Jesucristo fue quien inició tomando sobre sus hombros una pesada cruz, llevando nuestros pecados sobre Él, llevando aquella carga tan pesada que a nosotros nos era imposible llevar. A través de llevar aquella cruz Él derribó ese muro que el hombre construyó en el Edén, el cual nos separaba de Dios. Alabado sea nuestro Maestro, el cual soportó todo el vituperio por nuestras transgresiones.
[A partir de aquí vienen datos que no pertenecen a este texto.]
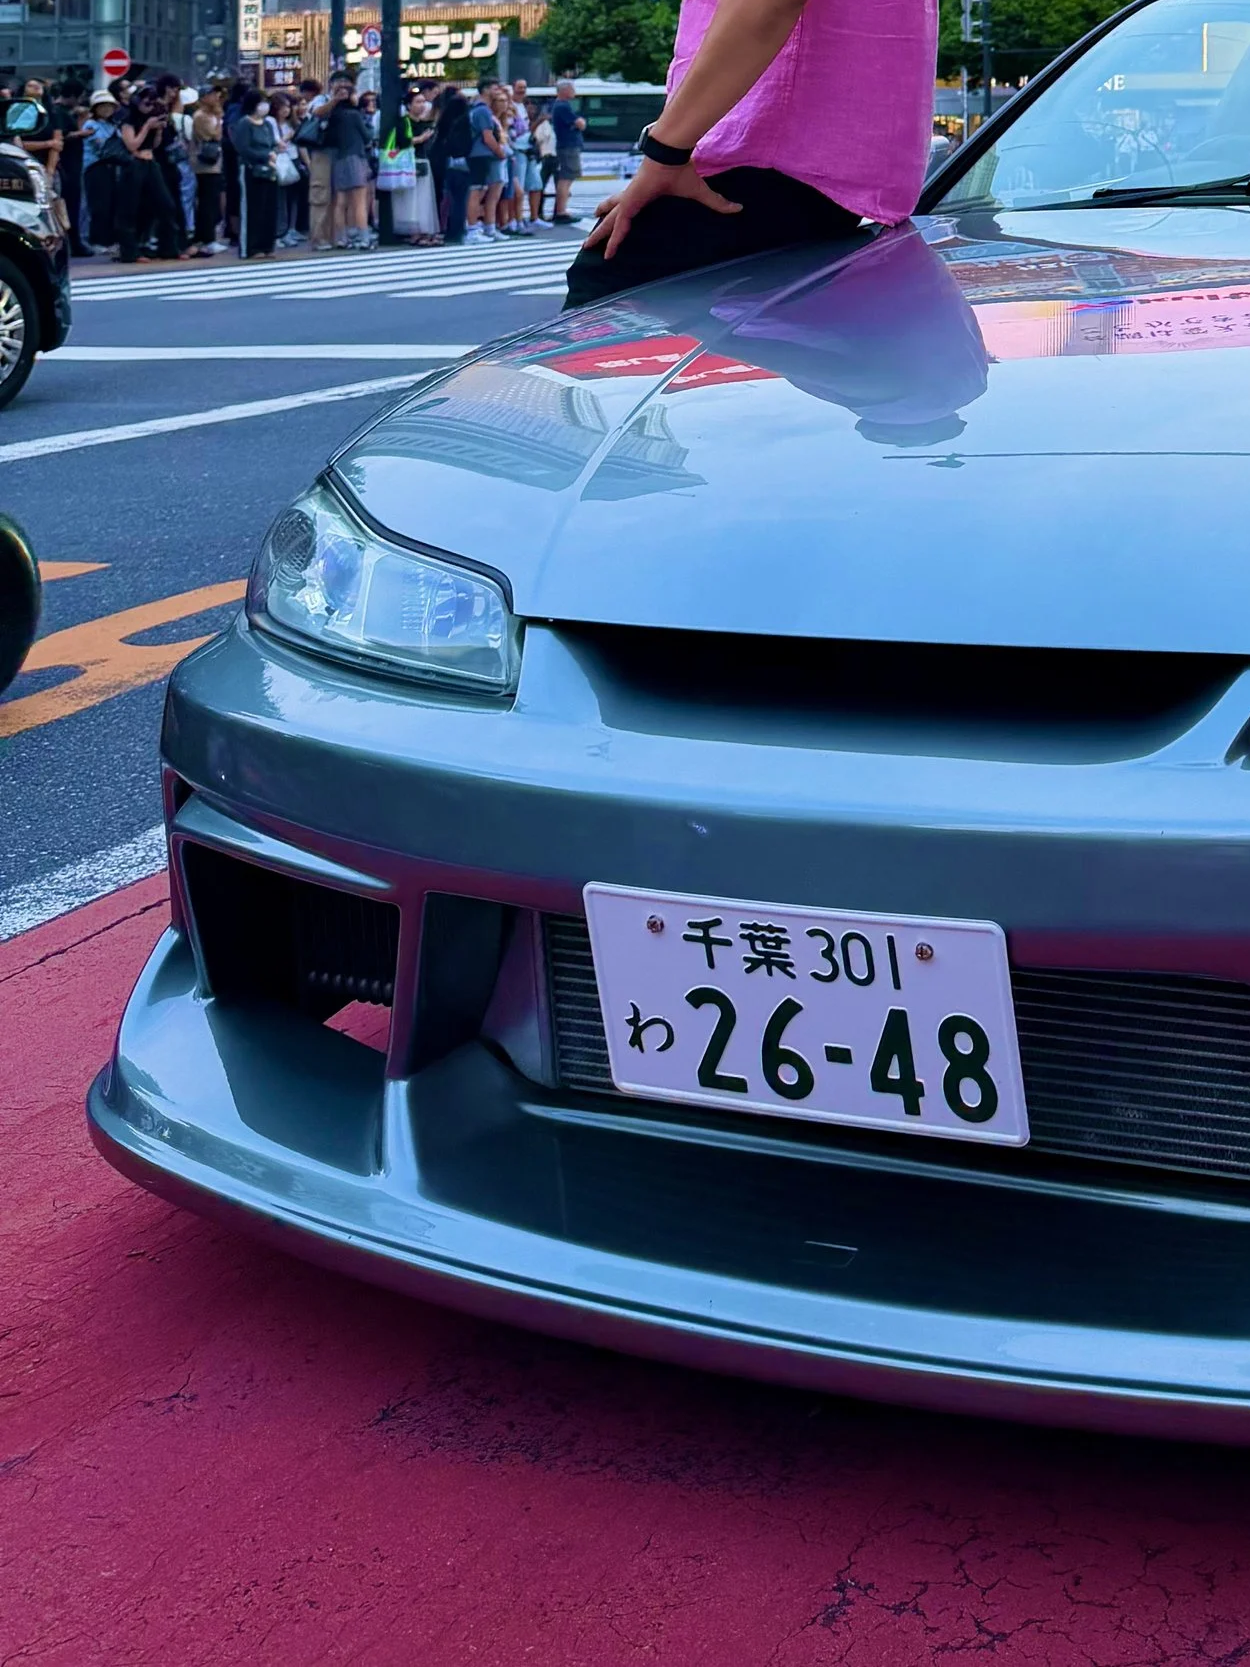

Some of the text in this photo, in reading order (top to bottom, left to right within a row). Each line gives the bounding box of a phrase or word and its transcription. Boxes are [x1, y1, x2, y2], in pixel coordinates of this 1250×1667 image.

[342, 20, 502, 64] サドラッグ
[682, 916, 903, 991] 千葉 301
[624, 985, 999, 1124] わ 26-48
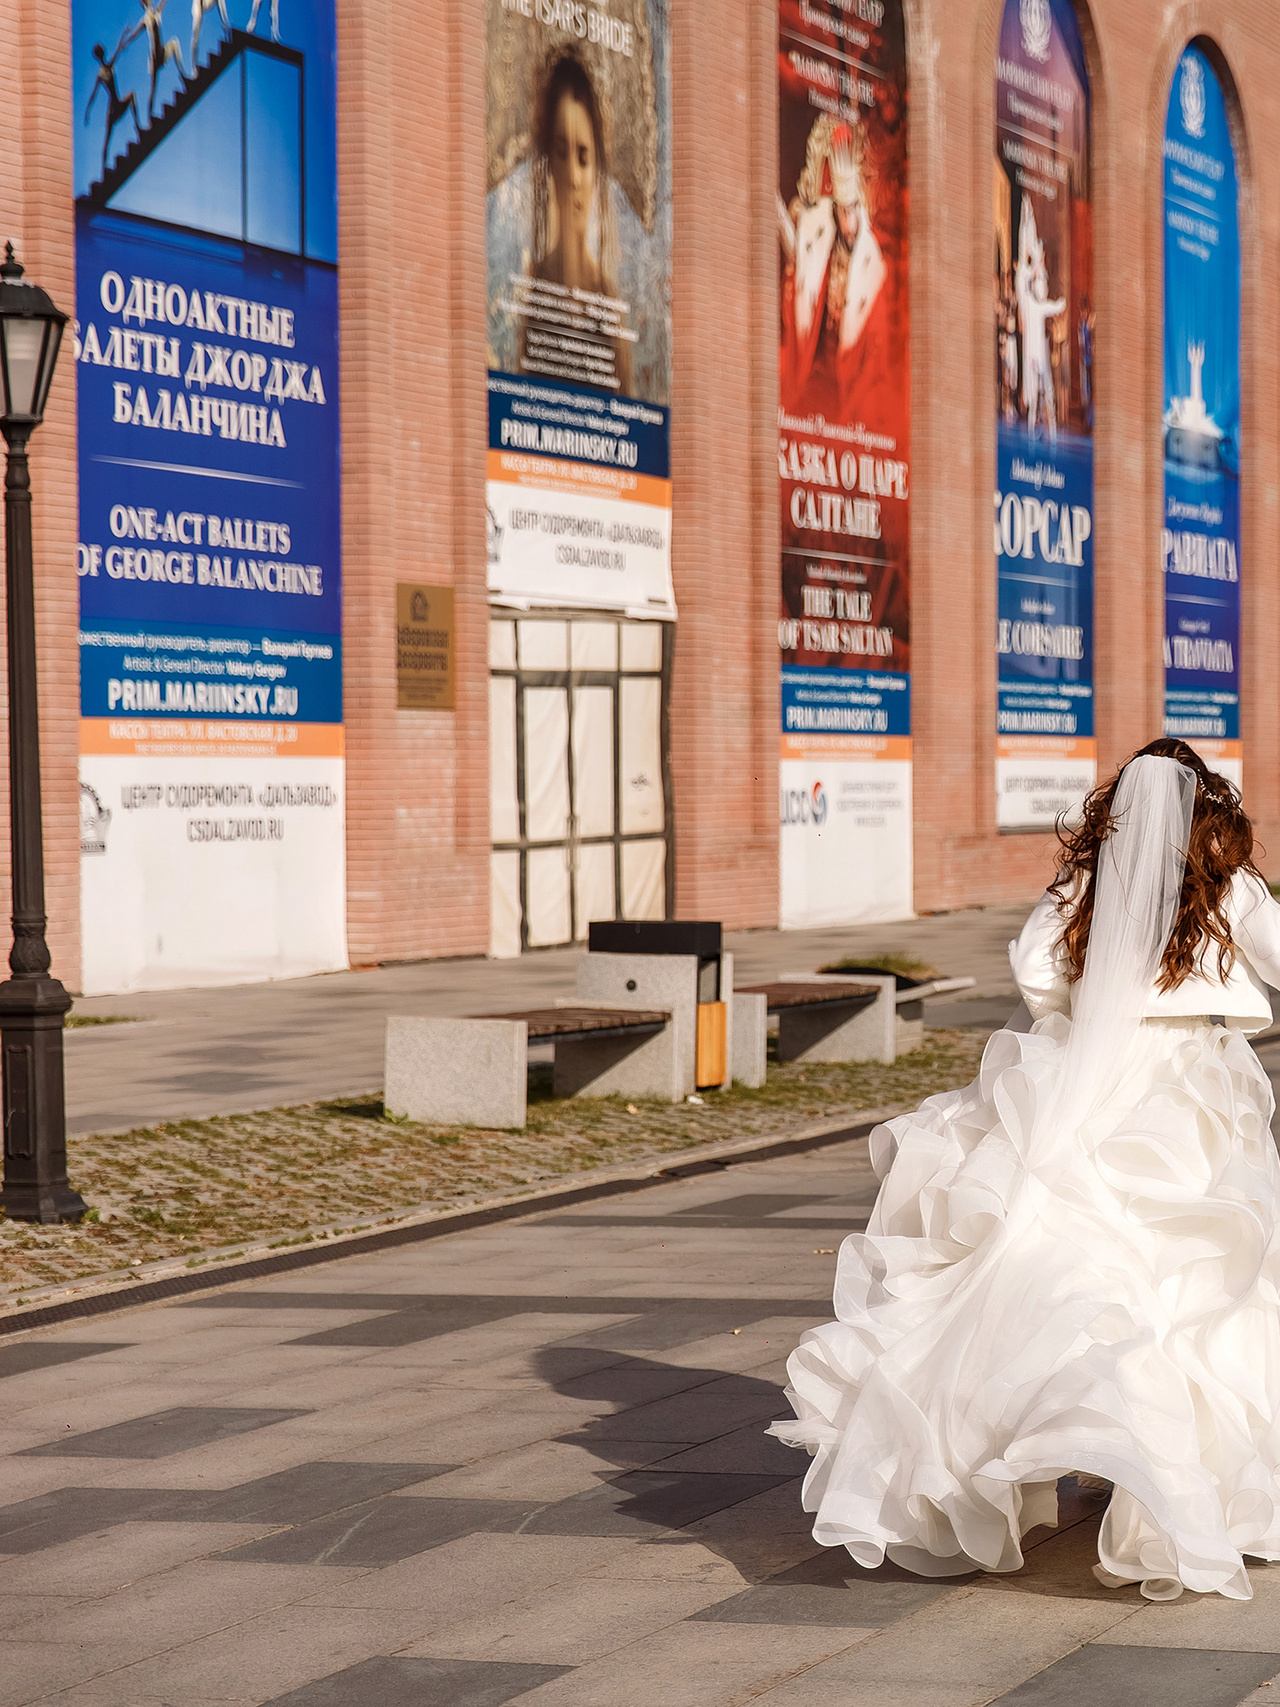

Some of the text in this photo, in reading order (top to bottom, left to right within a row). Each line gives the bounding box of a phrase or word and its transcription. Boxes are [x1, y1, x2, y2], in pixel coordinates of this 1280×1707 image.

[587, 8, 634, 58] BRIDE
[100, 270, 295, 348] ОДНОАКТНЫЕ
[184, 341, 327, 405] ДЖОРДЖА
[113, 381, 288, 448] БАЛАНЧИНА
[500, 417, 639, 469] PRIM.MARIINSKY.RU
[840, 449, 857, 491] О
[858, 453, 909, 501] ЦАРЕ
[109, 503, 291, 555] ONE-ACT BALLETS
[790, 486, 882, 540] САЛТАНЕ
[105, 546, 195, 585] GEORGE
[196, 552, 324, 596] BALANCHINE
[801, 584, 834, 619] THE
[778, 616, 801, 650] OF
[107, 677, 299, 716] PRIM.MARIINSKY.RU
El amor de Jesús hacia sus criaturas no se basó en cuán buenos éramos nosotros o cuántas obras buenas poseíamos, su amor fue más allá de lo que podemos pensar. La pesada muerte de Cristo en la cruz es impresionante, puesto que a nosotros se nos hace tan difícil amar a nuestros enemigos, a los que nos hacen mal,  a aquellos que no nos ayudan en el momento en el que los necesitamos, sin  embargo, Jesús llevó aquella pesada cruz por personas que amaban el pecado, por aborrecedores de la verdad, por un hombre totalmente depravado. ¿Acaso esto no es glorioso? Sí, es la noticia más increíble jamás antes escuchada. Cristo dio su vida por hombres pecadores, los cuales no merecíamos en lo más mínimo el perdón.
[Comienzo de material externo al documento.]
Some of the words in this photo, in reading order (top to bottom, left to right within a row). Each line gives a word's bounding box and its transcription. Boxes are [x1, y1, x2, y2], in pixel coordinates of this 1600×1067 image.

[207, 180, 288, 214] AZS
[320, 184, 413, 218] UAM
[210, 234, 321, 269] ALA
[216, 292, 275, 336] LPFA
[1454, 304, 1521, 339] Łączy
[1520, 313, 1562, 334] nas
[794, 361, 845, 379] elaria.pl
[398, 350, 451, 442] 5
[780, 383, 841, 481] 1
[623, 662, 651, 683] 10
Esa cruz no se detiene en la escena del calvario, donde su sangre segundo a segundo era derramada, ¡oh sí!, preciosa sangre derramada, donde los clavos eran puestos en sus manos hermosas, donde a una voz todo el público exclamaba: “¡crucificadle!”, donde en aquel momento se abrió un nuevo telón en la historia, el momento más conmovedor de toda la historia de la humanidad, donde el justo entregaba su vida por los pecadores, donde el inocente era tratado como culpable, donde el Santo era tratado como un criminal. ¡No! Aquella cruz no se detiene en ese majestuoso momento, sino que nosotros también debemos seguir cargando la cruz de Cristo, pues nuestro propio Maestro Jesucristo dijo:

Y decía a todos: Si alguno quiere venir en pos de mí, niéguese a sí mismo, tome su cruz cada día y sígame.

Lucas 9:23

A veces se nos olvida que tenemos una cruz que llevar, y en momentos del día a día la ponemos a reposar y nos olvidamos del sacrificio de Cristo y pisamos su sangre, haciendo cosas que no son del agrado de Dios, y nosotros lo sabemos.
Debemos tener cuidado con menospreciar la poderosa sangre de Cristo y a esto el autor de los Hebreos nos dice:
 …13Porque si la sangre de los machos cabríos y de los toros, y la ceniza de la becerra rociada sobre los que se han contaminado, santifican para la purificación de la carne, 14¿cuánto más la sangre de Cristo, el cual por el Espíritu eterno se ofreció a sí mismo sin mancha a Dios, purificará vuestra conciencia de obras muertas para servir al Dios vivo? 15Y por eso El es el mediador de un nuevo pacto, a fin de que habiendo tenido lugar una muerte para la redención de las transgresiones que se cometieron bajo el primer pacto, los que han sido llamados reciban la promesa de la herencia eterna.…
Hebreos 9:13-15
Hermanos, no pisemos la sangre de Cristo en nuestro día a día, mas bien, les invitamos a tomar la cruz cada día y poner en alto a Cristo en cada momento de nuestras vidas. Les aseguramos que no hay mayor tesoro que este.